Answer: At this stage in the TPM development process we are not able to provide a case study, particularly for a deep/complex interconnection investment.  The current consultation is seeking views on options and concepts relevant to the key design decisions we need to make in order to develop case studies of the type you’re interested in. These design decisions will inform our preliminary proposal for the BBC component of the new TPM, which must be submitted to the EA for the Checkpoint 2 process. We are interested to hear the views of our stakeholders, which might include views about any practical difficulties of applying BBC options to different types of investment, including the ‘deep’ type your question relates to.

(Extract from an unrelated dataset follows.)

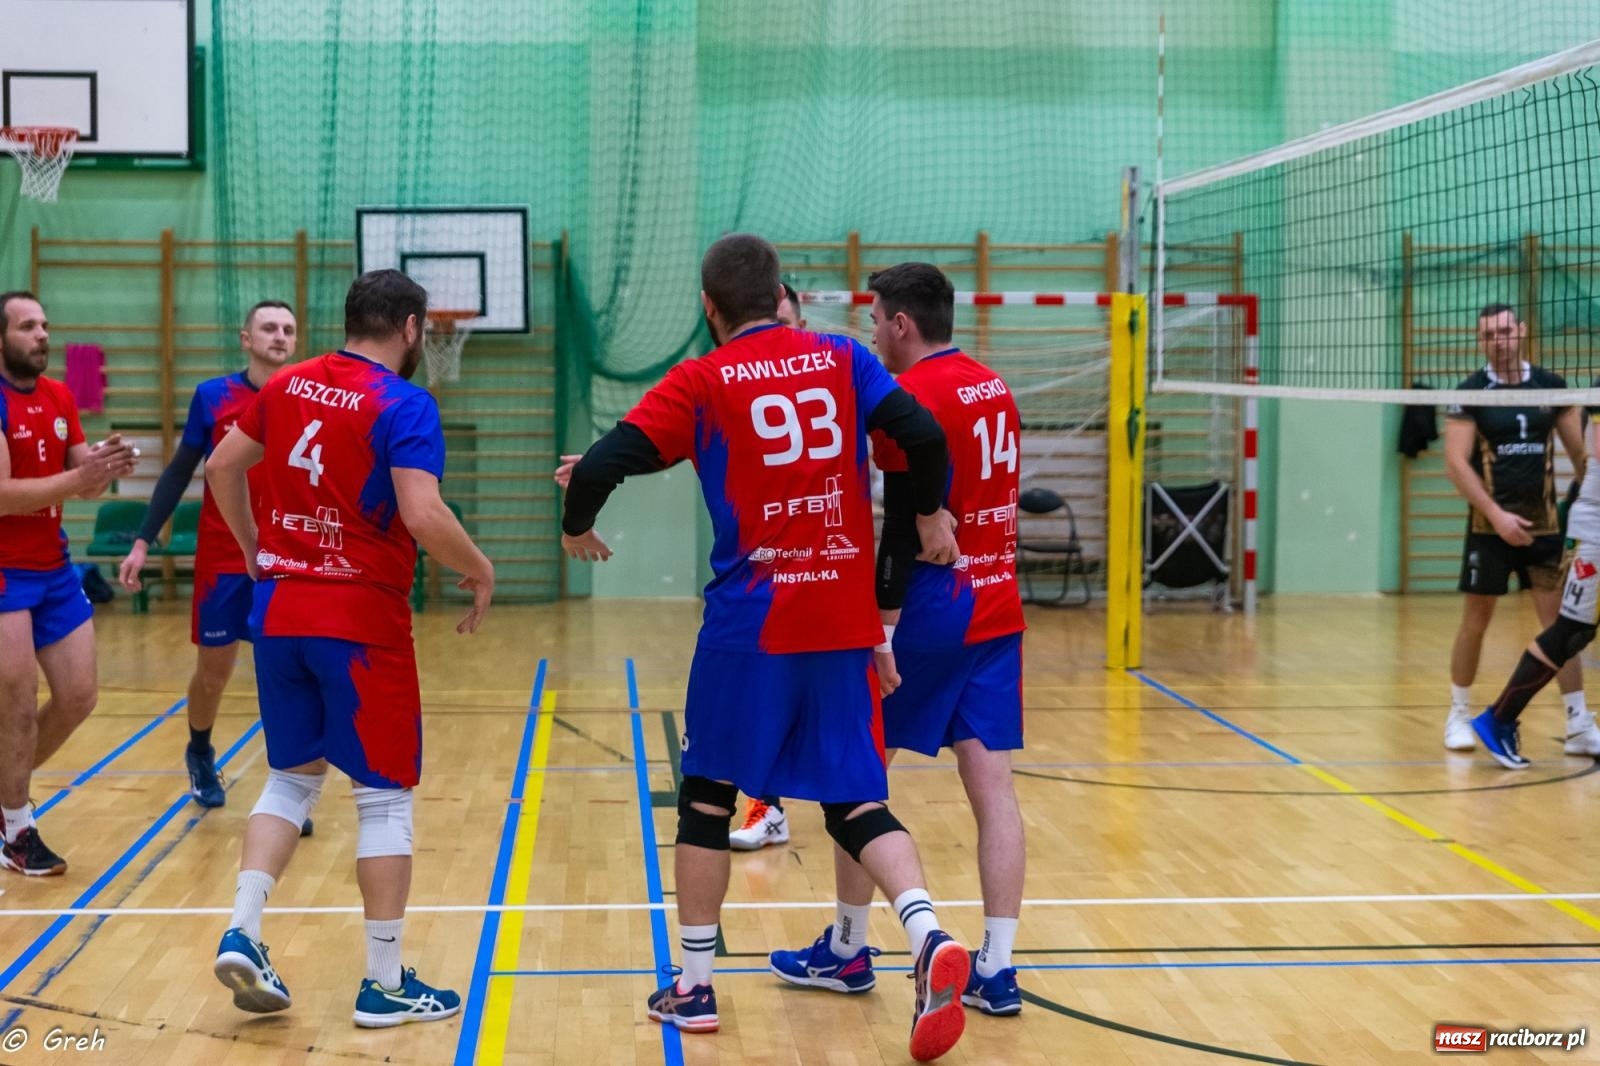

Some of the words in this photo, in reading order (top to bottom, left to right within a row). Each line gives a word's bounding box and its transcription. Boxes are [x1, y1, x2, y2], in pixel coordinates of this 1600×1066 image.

29 October (Mercury) – First Mover Disadvantage Consultation

Question: Could you clarify whether the word “not” is missing from this sentence? I assume that is the case but just wanted to make sure as it may change how we approach this issue/question.

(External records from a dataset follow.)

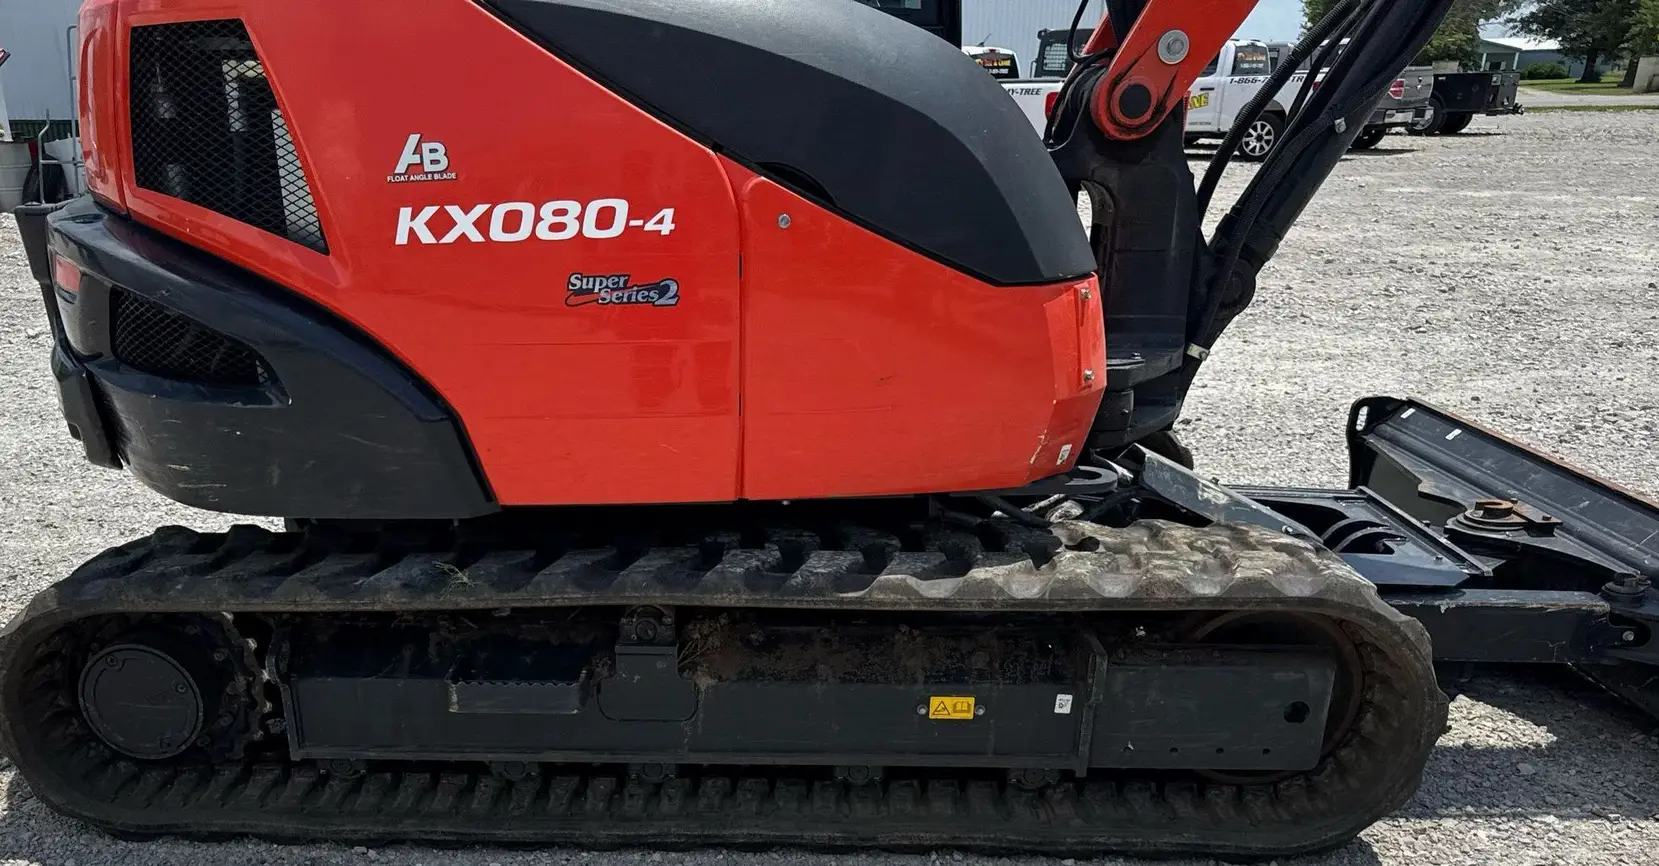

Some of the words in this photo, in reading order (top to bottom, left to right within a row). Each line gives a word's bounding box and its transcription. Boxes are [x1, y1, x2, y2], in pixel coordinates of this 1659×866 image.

[394, 133, 449, 174] AB
[387, 175, 409, 183] FLOAT
[409, 174, 433, 182] ANGLE
[433, 172, 457, 180] BLADE
[395, 198, 675, 245] KX080-4
[568, 273, 628, 293] Super

[Page 9 of First Mover Disadvantage Consultation paper]

Answer: Thank you for your question. You are correct – the word “not” is missing from para 27. It should read “Our initial thinking is Nova’s suggestion should not be adopted because…”. We have updated the consultation document to rectify this.



21 October 2020 (Refining NZ) - Connection Charges Summary and response document, focus area 7

Question: I would like your clarification around the Transpower’s response on Area Focus 7:  Connection assets decommission costs. I think the language use on the summary and response document on page 14 is confusing, as it states:

“Transpower response: We consider legitimate concerns have been raised about a “last man standing” problem and retrospective application of this proposal. Based on our consideration of submissions, our thinking is now that it would be better to continue to allocate connection asset decommissioning costs to all customers connected to the asset, regardless of the reason for decommissioning. This would mean that the cost recovery would default to the residual charge. We will make final decisions as part of the finalisation of our TPM proposal.”

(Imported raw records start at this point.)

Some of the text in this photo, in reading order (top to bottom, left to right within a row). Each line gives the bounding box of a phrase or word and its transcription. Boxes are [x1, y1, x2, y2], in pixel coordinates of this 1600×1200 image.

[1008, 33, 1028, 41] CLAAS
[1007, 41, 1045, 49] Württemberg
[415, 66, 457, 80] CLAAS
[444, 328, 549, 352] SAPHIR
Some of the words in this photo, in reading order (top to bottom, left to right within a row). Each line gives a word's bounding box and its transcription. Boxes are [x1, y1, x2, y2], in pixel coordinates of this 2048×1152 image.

Can you please clarify if Transpower is now thinking to:

  1. adopt proposed option 1: recovery through the residual charge; or
  2. adopt option 2: allocate connection asset decommissioning costs to all customers connected to the asset, regardless of the reason for decommissioning; or
  3. adopt a combination of these two options.

Answer: Thank you for your question, and for taking the time to provide your feedback on our consultation paper and summary and response. We agree that part of the summary is a bit confusing.  What we mean to say is, based on the submissions we received, particularly relating to the “last man standing” problem, our thinking now is to retain the status quo approach of socialising decommissioning costs across all load customers, being currently via the interconnection charge (option 1).  Under the new TPM that would mean decommissioning costs for connection assets would be socialised through the residual charge, unless we have an agreement outside the TPM (for example an investment contract) under which the relevant customer(s) have agreed to pay all or part of the costs. We will update the response paper soon to clarify this.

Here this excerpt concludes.